We can possibly say math is not learned, but a mental models of abstractions are developed. How? We dunno, but what we do know is we don’t learn by figuring the common features between all previously seen equations only to guess them later…

Mind operates on higher and higher levels of abstractions building on each other in a much fascinating way, very often not with words, but with structure and images.

Of course there are people with aphantasia, but i really fail to see how any reasoning happens in purely language level. Someone on this forum also noted - in order to reason one needs an ontology to facilitate the reasoning process. LLMs don’t do ontologies…

And finally, not least though, LLM and ML people in general seem to equate intuition to some sort biased.random(). Well intuition is not random, and is hard to describe in words. So are awe and inspiration. And these ARE part of (precondition to, fuel for) humanity’s thought process more that we like to admit.

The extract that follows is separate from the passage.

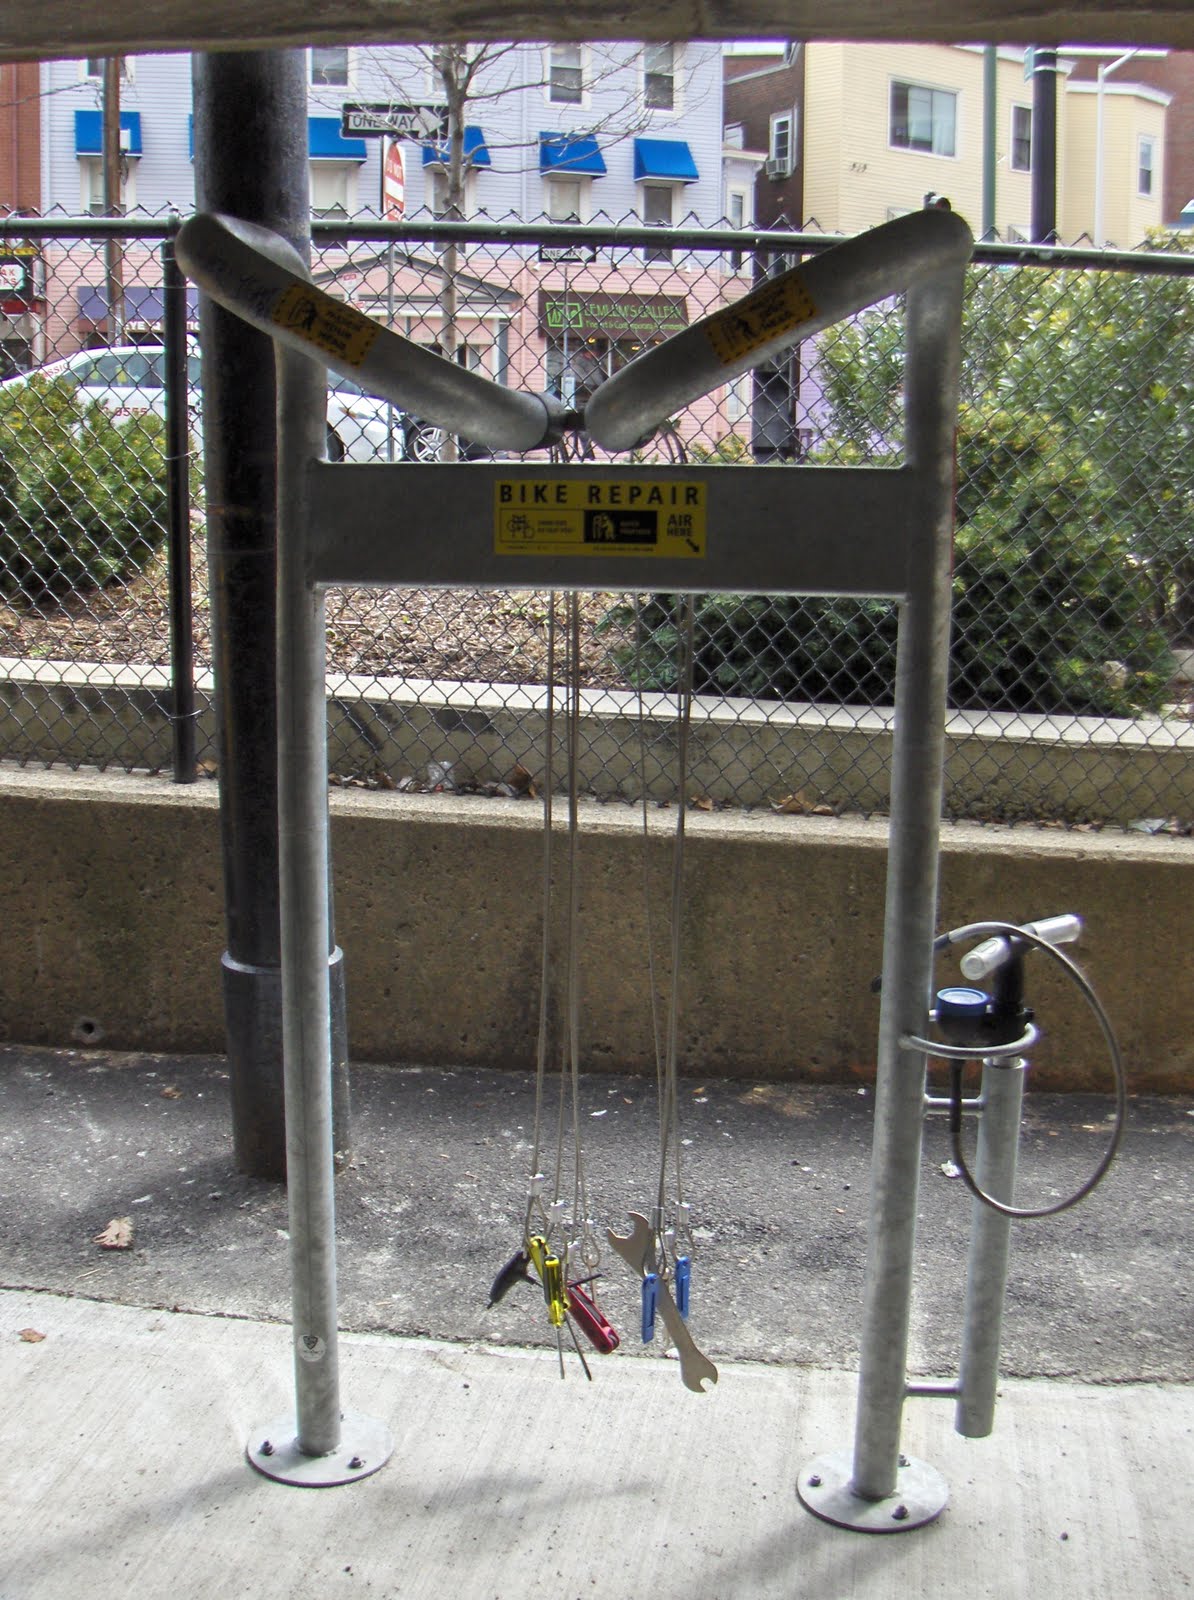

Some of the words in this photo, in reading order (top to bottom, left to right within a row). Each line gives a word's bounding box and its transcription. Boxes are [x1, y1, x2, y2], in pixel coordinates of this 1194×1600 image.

shotnothing · 2024-10-31T15:23:25 1730388205

> I definitely don’t learn math by means of gradient descents.

https://physoc.onlinelibrary.wiley.com/doi/10.1113/JP282747

larodi · 2024-10-31T23:10:56 1730416256

The fact it (is suggested / we are led to believe / was recently imlied ) the neurons can be explained to be doing something like it on the underlying layer still says little about the process of forming ontological context needed for any kind of syllogism.

mplewis · 2024-10-31T19:17:57 1730402277

Humans learn skills like basic mathematics by reasoning about their environment and building internal models of problems they’re trying to solve. LLMs do not reason and they cannot model their environment.

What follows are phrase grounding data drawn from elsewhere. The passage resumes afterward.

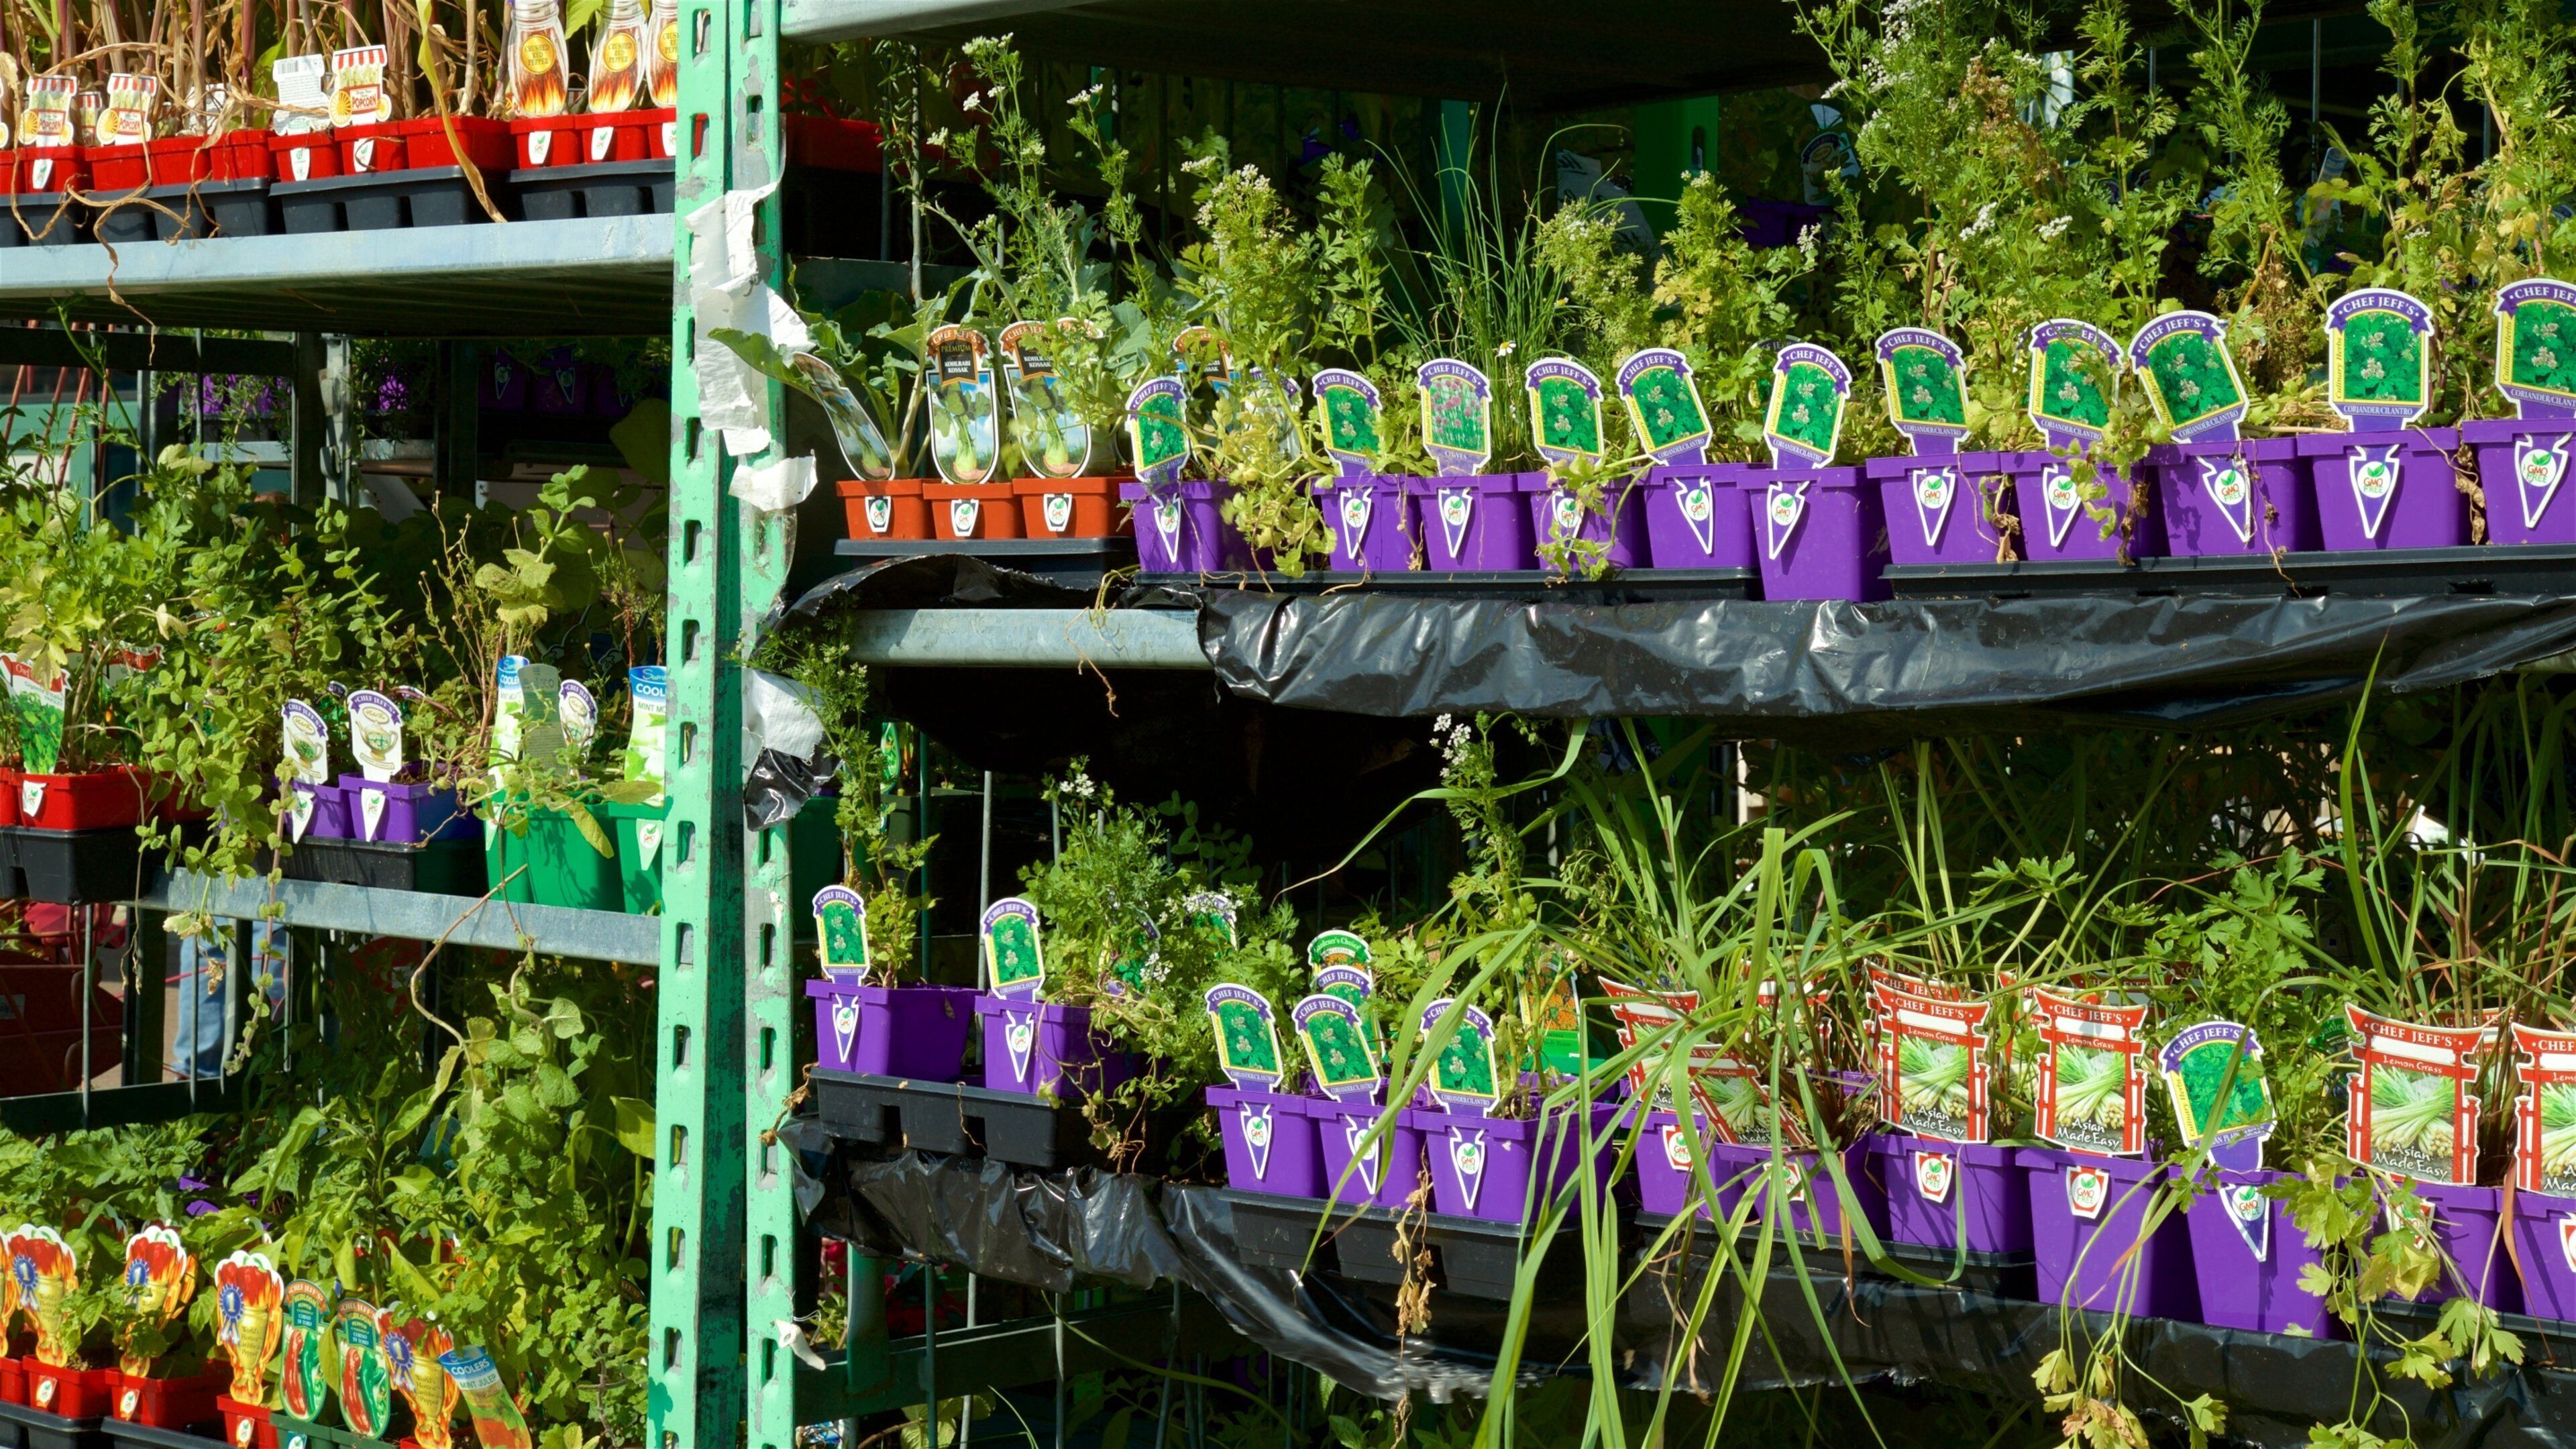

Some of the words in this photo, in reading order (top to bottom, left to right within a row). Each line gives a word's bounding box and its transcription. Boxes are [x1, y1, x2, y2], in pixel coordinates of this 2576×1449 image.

[525, 44, 550, 52] CRUSHED
[352, 95, 376, 107] POPCORN
[40, 119, 60, 130] POPCORN
[2515, 286, 2549, 300] CHEF
[2343, 297, 2375, 315] CHEF
[2378, 297, 2414, 315] JEFF'S
[932, 330, 952, 344] CHEF
[954, 329, 977, 343] JEFF'S
[1008, 327, 1027, 340] CHEF
[2139, 325, 2163, 350] CHEF
[2165, 317, 2201, 333] JEFF'S
[941, 344, 971, 352] PREMIUM
[1886, 334, 1913, 347] CHEF
[1915, 335, 1947, 352] JEFF'S
[1624, 360, 1644, 380] CHEF
[1645, 355, 1674, 366] JEFF'S
[1790, 350, 1814, 360] CHEF
[1816, 352, 1843, 377] JEFF'S
[2502, 351, 2512, 382] Culinary
[1428, 364, 1450, 376] CHEF
[1452, 365, 1478, 384] JEFF'S
[1536, 365, 1559, 377] CHEF
[1560, 366, 1589, 384] JEFF'S
[1322, 375, 1340, 384] CHEF
[1343, 376, 1368, 394] JEFF'S
[1135, 390, 1152, 405] CHEF
[1153, 382, 1174, 392] JEFF'S
[2035, 382, 2043, 413] Culinary
[2510, 388, 2576, 408] CORIANDER/CILANT
[2343, 405, 2413, 415] CORIANDER/CILANTRO
[1904, 425, 1962, 435] CORIANDER/CILANTRO
[2041, 419, 2102, 441] CORIANDER/CILANTRO
[2178, 410, 2239, 438] CORIANDER/CILANTRO
[1444, 451, 1468, 460] CHIVES
[1658, 438, 1705, 459] CORIANDER/CILANTRO
[1773, 439, 1822, 462] CORIANDER/CILANTRO
[2527, 464, 2548, 476] GMO
[2363, 477, 2383, 486] GMO
[2526, 472, 2547, 483] FREE
[1924, 490, 1941, 498] GMO
[2053, 489, 2071, 500] GMO
[2221, 484, 2239, 496] GMO
[2223, 492, 2243, 502] FREE
[2363, 486, 2383, 494] FREE
[1691, 502, 1705, 513] GMO
[2052, 497, 2070, 507] FREE
[1448, 508, 1461, 516] GMO
[1561, 510, 1574, 519] GMO
[1776, 506, 1790, 515] GMO
[1775, 515, 1789, 523] FREE
[567, 684, 579, 693] CHEF
[636, 683, 665, 697] COOL
[374, 697, 394, 713] JEFF'S
[637, 702, 655, 710] MINT
[288, 704, 302, 712] CHEF
[303, 709, 319, 727] JEFF'S
[818, 890, 835, 904] CHEF
[835, 891, 855, 904] JEFF'S
[987, 906, 1005, 921] CHEF
[1006, 903, 1028, 915] JEFF'S
[1341, 938, 1362, 950] Choice
[1337, 972, 1362, 985] JEFF'S
[1882, 978, 1909, 991] CHEF
[1213, 989, 1232, 1001] CHEF
[1234, 989, 1259, 1006] JEFF'S
[1300, 1002, 1318, 1018] CHEF
[1319, 1001, 1346, 1012] JEFF'S
[1895, 998, 1925, 1012] CHEF
[1930, 1004, 1964, 1018] JEFF'S
[2054, 1004, 2085, 1017] CHEF
[2088, 1010, 2123, 1023] JEFF'S
[1638, 1016, 1661, 1025] Lemon
[1909, 1026, 1934, 1038] Lemon
[1935, 1032, 1957, 1042] Grass
[2172, 1032, 2201, 1055] CHEF
[2203, 1027, 2240, 1040] JEFF'S
[2369, 1022, 2406, 1039] CHEF
[2411, 1032, 2453, 1047] JEFF'S
[2065, 1034, 2091, 1046] Lemon
[2092, 1039, 2114, 1050] Grass
[2538, 1040, 2575, 1050] CHEF
[2383, 1055, 2415, 1068] Lemon
[2416, 1061, 2443, 1074] Grass
[1230, 1071, 1275, 1081] CORIANDER/CILANTRO
[1331, 1083, 1373, 1094] CORIANDER/CILANTRO
[2175, 1078, 2186, 1103] Herbs
[1441, 1094, 1491, 1106] CORIANDER/CILANTRO
[1917, 1105, 1949, 1121] Asian
[2182, 1104, 2195, 1136] Culinary
[1902, 1113, 1937, 1130] Made
[1938, 1119, 1965, 1138] Easy
[2072, 1118, 2105, 1132] Asian
[2056, 1127, 2090, 1142] Made
[2092, 1134, 2120, 1150] Easy
[2392, 1144, 2430, 1161] Asian
[1461, 1156, 1476, 1164] GMO
[2373, 1152, 2414, 1171] Made
[2416, 1161, 2448, 1181] Easy
[1925, 1172, 1941, 1181] GMO
[1925, 1179, 1941, 1187] FREE
[2077, 1187, 2094, 1197] GMO
[2239, 1199, 2259, 1212] GMO
[2241, 1208, 2261, 1218] FREE
[22, 1263, 28, 1276] 1
[135, 1267, 141, 1283] 1
[291, 1284, 303, 1293] CHEF
[305, 1285, 320, 1301] JEFF'S
[228, 1293, 235, 1312] 1
[242, 1326, 259, 1334] World's
[242, 1350, 258, 1358] Pepper
[395, 1342, 405, 1360] 1
[451, 1358, 490, 1376] COOLERS
[416, 1375, 435, 1383] World's
[460, 1381, 476, 1389] MINT
[477, 1374, 496, 1387] JULEP
[420, 1397, 438, 1405] Pepper

ajuc · 2024-10-31T11:39:54 1730374794

It's not thinking, it compressed the internet into a clever, lossy format with nice interface and it retrieves stuff from there.

Chain of thought is like trying to improve JPG quality by re-compressing it several times. If it's not there it's not there.

Jerrrrrrry · 2024-10-31T17:14:04 1730394844

  >It's not thinking



  >it compressed the internet into a clever, lossy format with nice interface and it retrieves stuff from there.

Humans do both, why can't LLM's?

  >Chain of thought is like trying to improve JPG quality by re-compressing it several times. If it's not there it's not there.

More like pulling out a deep-fried meme, looking for context, then searching google images until you find the most "original" JPG representation with the least amount of artifacts.

There is more data to add confidently, it just has to re-think about it with a renewed perspective, and an abstracted-away higher-level context/attention mechanism.

danenania · 2024-10-31T17:50:05 1730397005

> Chain of thought is like trying to improve JPG quality by re-compressing it several times. If it's not there it's not there.

Empirically speaking, I have a set of evals with an objective pass/fail result and a prompt. I'm doing codegen, so I'm using syntax linting, tests passing, etc. to determine success. With chain-of-thought included in the prompting, the evals pass at a significantly higher rate. A lot of research has been done demonstrating the same in various domains.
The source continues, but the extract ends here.